Można by złośliwie replikować, że tego typu logika obsługuje z kolei dwie inne grupy. Lewicowców typu Jacka Żakowskiego, który w wolnych chwilach, kiedy nie walczy z PiS, zajmuje się podważaniem Balcerowiczowskiej ortodoksji. I rzeczników tezy: "powstrzymać Kaczora za wszelką cenę", którzy nie chcą narażać Tuska na zbyt wielkie społeczne ryzyko i przyklaskują – jak Waldemar Kuczyński – w praktyce wszystkiemu, co on robi (lub czego nie robi). Byłoby to jednak zbyt proste, narracja Miłady Jędrysik nie jest aż tak natrętna. Ona bardziej stawia pytania, niż na nie odpowiada.

Warto jej jednak na wstępie przypomnieć dwie rzeczy.
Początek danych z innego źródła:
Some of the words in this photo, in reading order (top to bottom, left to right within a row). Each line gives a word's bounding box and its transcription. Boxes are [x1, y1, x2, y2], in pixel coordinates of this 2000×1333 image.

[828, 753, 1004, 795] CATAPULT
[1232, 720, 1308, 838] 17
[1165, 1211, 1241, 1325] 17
Po pierwsze współtwórcą mitu "trudnych reform" była sama "Gazeta Wyborcza". Co najmniej od czasu pakietu Hausnera rozliczająca kolejne partie i ekipy z gotowości do akceptacji rozmaitych kompleksowych planów, które dziś pamiętamy jak przez mgłę. Ale które nie przypominały małego realizmu Tuskowej dłubaniny.
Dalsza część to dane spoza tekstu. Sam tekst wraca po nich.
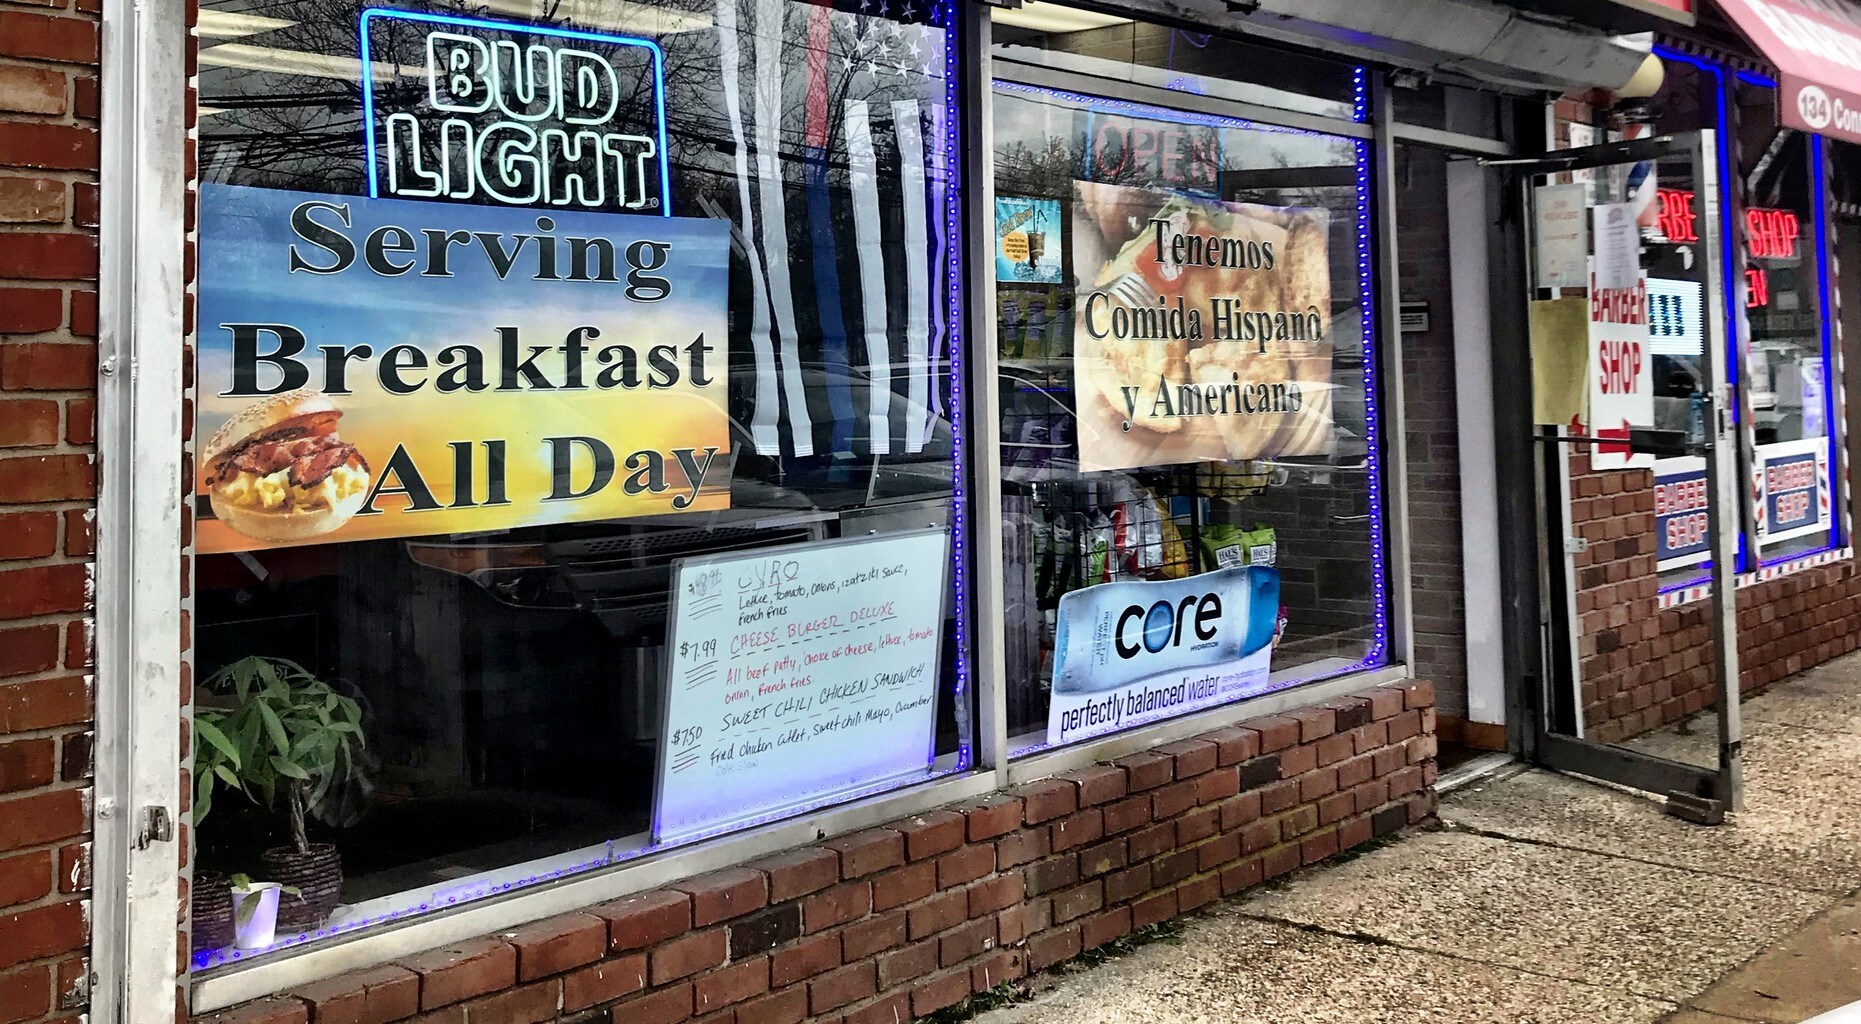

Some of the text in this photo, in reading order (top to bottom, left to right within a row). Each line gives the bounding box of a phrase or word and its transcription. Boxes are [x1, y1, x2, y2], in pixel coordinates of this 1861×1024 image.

[427, 31, 620, 126] BUD
[1801, 92, 1828, 123] 134
[387, 112, 656, 208] LIGHT
[1095, 121, 1218, 183] OPEN
[289, 200, 672, 303] Serving
[1149, 217, 1275, 271] Tenemos
[1746, 209, 1799, 259] SHOP
[1084, 290, 1204, 342] Comida
[1591, 271, 1646, 325] BARBER
[218, 322, 715, 399] Breakfast
[1600, 340, 1641, 395] SHOP
[1119, 370, 1303, 434] y Americano
[359, 435, 720, 515] All Day
[1654, 477, 1708, 517] BARBE
[1775, 490, 1810, 525] SHOP
[679, 601, 895, 662] $7.99 CHEESE BURGER DELUXE
[1115, 592, 1222, 659] core
[721, 703, 773, 732] SWEET
[775, 696, 813, 718] CHILI
[820, 677, 869, 705] CHICKEN
[871, 662, 926, 691] SANDWICH
[1060, 674, 1221, 739] perfectly balanced water
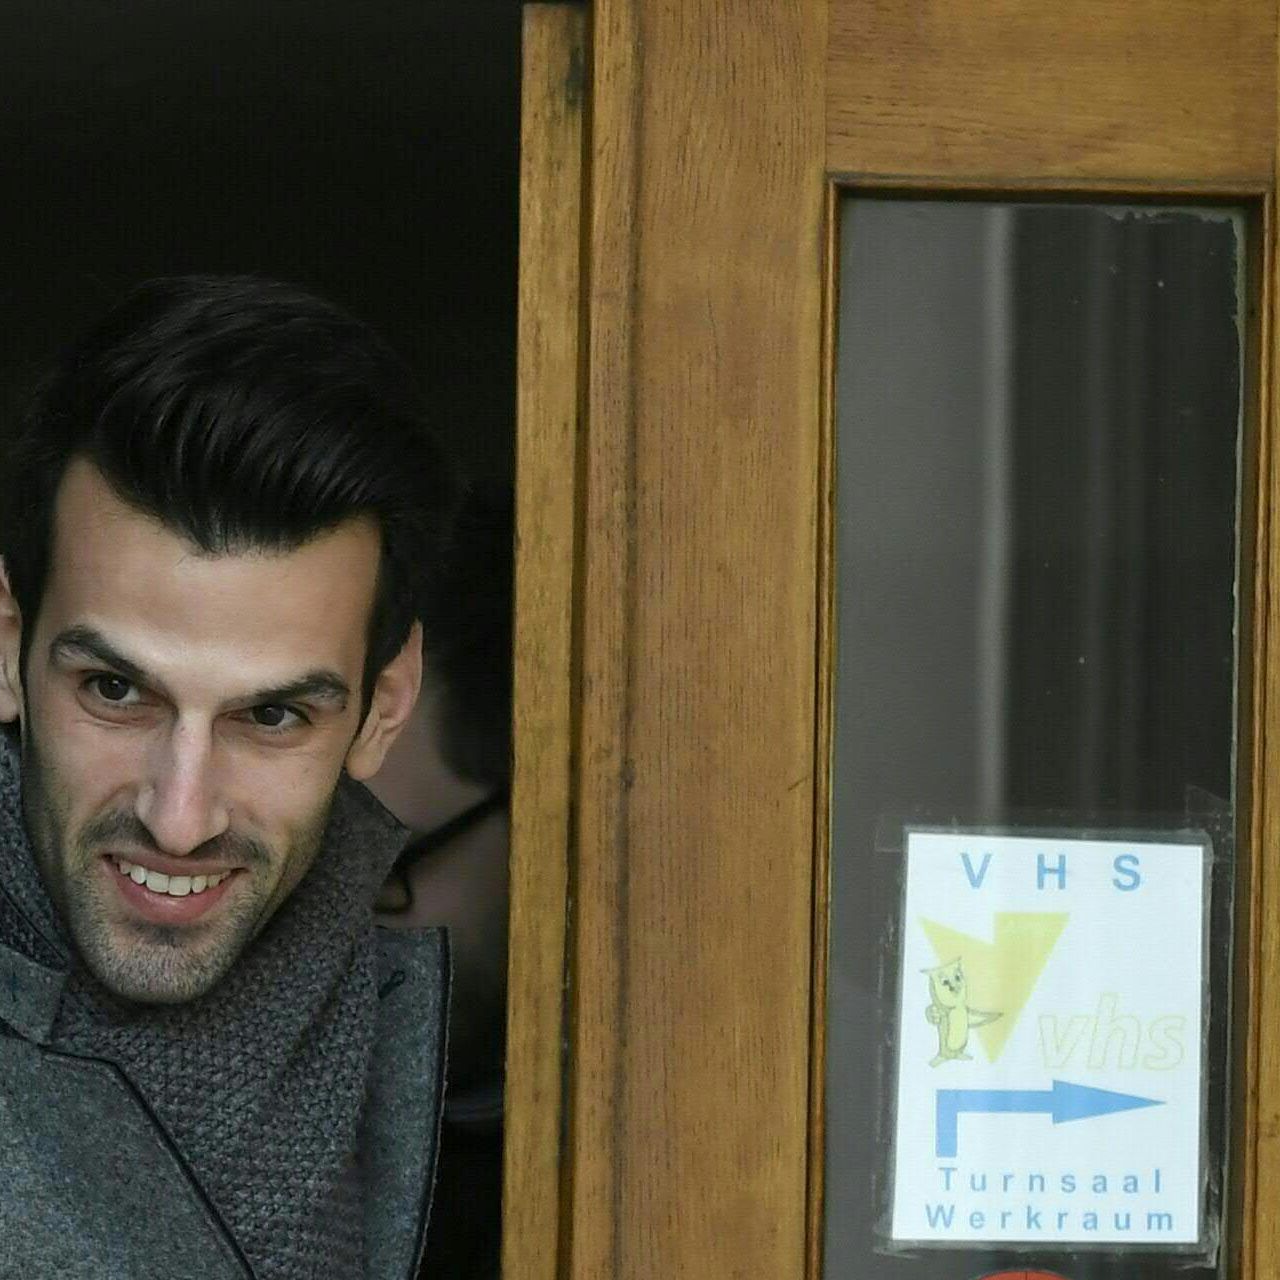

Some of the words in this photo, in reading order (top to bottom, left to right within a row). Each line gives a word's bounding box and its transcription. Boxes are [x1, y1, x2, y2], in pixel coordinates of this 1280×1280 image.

[1036, 992, 1187, 1073] vhs
[938, 1166, 1162, 1195] Turnsaal
[926, 1204, 1174, 1232] Werkraum
W szczególności używano tego reformatorskiego realizmu do okładania po głowie prawicy, najmocniej tej PiS-owskiej. Czy można się dziwić temu, że dziś Kaczyński, nieomal pozbawiony ekonomicznych doradców, próbuje obrócić tę broń przeciw swoim przeciwnikom, powtarzając refren o "reformach"? Przecież pomijając spór o jego metody zwalczania korupcji czy o retorykę, on w sprawach społecznych próbował podobnej jak Tusk polityki małych kroczków, a chwilami był nawet bardziej liberalny. No w każdym razie nie ogłaszał gromko jak obecny premier, że nie zamierza pracować dla przyszłych pokoleń.
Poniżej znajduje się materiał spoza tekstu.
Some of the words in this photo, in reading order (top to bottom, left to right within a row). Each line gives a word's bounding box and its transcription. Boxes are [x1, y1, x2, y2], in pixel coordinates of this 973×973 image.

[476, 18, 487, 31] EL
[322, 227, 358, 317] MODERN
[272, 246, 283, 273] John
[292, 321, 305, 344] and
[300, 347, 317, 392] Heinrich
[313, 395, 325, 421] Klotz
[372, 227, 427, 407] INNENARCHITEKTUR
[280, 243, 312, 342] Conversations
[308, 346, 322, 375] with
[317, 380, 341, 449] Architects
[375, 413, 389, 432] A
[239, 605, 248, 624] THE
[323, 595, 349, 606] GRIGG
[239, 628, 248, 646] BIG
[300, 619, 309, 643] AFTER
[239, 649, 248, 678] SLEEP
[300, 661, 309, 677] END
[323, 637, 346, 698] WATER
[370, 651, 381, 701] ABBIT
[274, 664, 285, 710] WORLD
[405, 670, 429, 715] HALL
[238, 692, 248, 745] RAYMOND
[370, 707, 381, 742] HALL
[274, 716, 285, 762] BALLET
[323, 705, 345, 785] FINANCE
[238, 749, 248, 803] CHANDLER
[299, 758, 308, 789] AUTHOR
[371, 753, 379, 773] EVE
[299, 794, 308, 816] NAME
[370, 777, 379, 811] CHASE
Po drugie współtwórcą tego mitu była też Platforma. Jeśli Miłada Jędrysik współczuje dziś rządowi, że tak trudno mu wytłumaczyć, o co chodzi w jego programie ratowania służby zdrowia, odsyłam do wywiadów Donalda Tuska zapowiadającego jeszcze w czasie ostatniej kampanii parlamentarnej tworzenie konkurujących między sobą ubezpieczalni zdrowotnych. Nie uważam tego rządu, jak Rafał Ziemkiewicz, za najgorszy w historii Polski. Ale wiem, jak wielu japiszonów dawało się nabrać na te mity jeszcze w roku 2007. Z tej perspektywy niewiele mam litości dla ministrów prześladowanych dziś wspólnie przez PiS i Balcerowicza z Rybińskim. I jedni, i drudzy przedrzeźniają tylko maksymalizm dawnej PO.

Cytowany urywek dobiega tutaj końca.